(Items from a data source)
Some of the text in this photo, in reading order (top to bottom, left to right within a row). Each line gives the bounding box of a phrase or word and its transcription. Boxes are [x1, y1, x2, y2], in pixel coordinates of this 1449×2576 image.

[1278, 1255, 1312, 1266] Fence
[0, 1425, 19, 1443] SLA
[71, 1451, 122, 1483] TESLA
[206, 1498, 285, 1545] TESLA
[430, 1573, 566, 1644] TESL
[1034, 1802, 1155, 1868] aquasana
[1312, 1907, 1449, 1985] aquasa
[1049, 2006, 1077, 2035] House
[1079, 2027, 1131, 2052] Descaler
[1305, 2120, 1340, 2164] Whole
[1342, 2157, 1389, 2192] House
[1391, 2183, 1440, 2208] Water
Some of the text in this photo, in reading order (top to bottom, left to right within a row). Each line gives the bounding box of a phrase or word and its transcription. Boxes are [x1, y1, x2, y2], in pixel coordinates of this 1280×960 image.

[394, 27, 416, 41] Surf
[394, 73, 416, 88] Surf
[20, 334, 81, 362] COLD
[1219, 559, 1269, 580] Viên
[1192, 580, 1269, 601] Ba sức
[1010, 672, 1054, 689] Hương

TASK TO CARRY OUT | Every entry must be output again, exactly as written above.

EXPECTED OUTPUT |
Some of the text in this photo, in reading order (top to bottom, left to right within a row). Each line gives the bounding box of a phrase or word and its transcription. Boxes are [x1, y1, x2, y2], in pixel coordinates of this 1449×2576 image.

[1278, 1255, 1312, 1266] Fence
[0, 1425, 19, 1443] SLA
[71, 1451, 122, 1483] TESLA
[206, 1498, 285, 1545] TESLA
[430, 1573, 566, 1644] TESL
[1034, 1802, 1155, 1868] aquasana
[1312, 1907, 1449, 1985] aquasa
[1049, 2006, 1077, 2035] House
[1079, 2027, 1131, 2052] Descaler
[1305, 2120, 1340, 2164] Whole
[1342, 2157, 1389, 2192] House
[1391, 2183, 1440, 2208] Water
Some of the text in this photo, in reading order (top to bottom, left to right within a row). Each line gives the bounding box of a phrase or word and its transcription. Boxes are [x1, y1, x2, y2], in pixel coordinates of this 1280×960 image.

[394, 27, 416, 41] Surf
[394, 73, 416, 88] Surf
[20, 334, 81, 362] COLD
[1219, 559, 1269, 580] Viên
[1192, 580, 1269, 601] Ba sức
[1010, 672, 1054, 689] Hương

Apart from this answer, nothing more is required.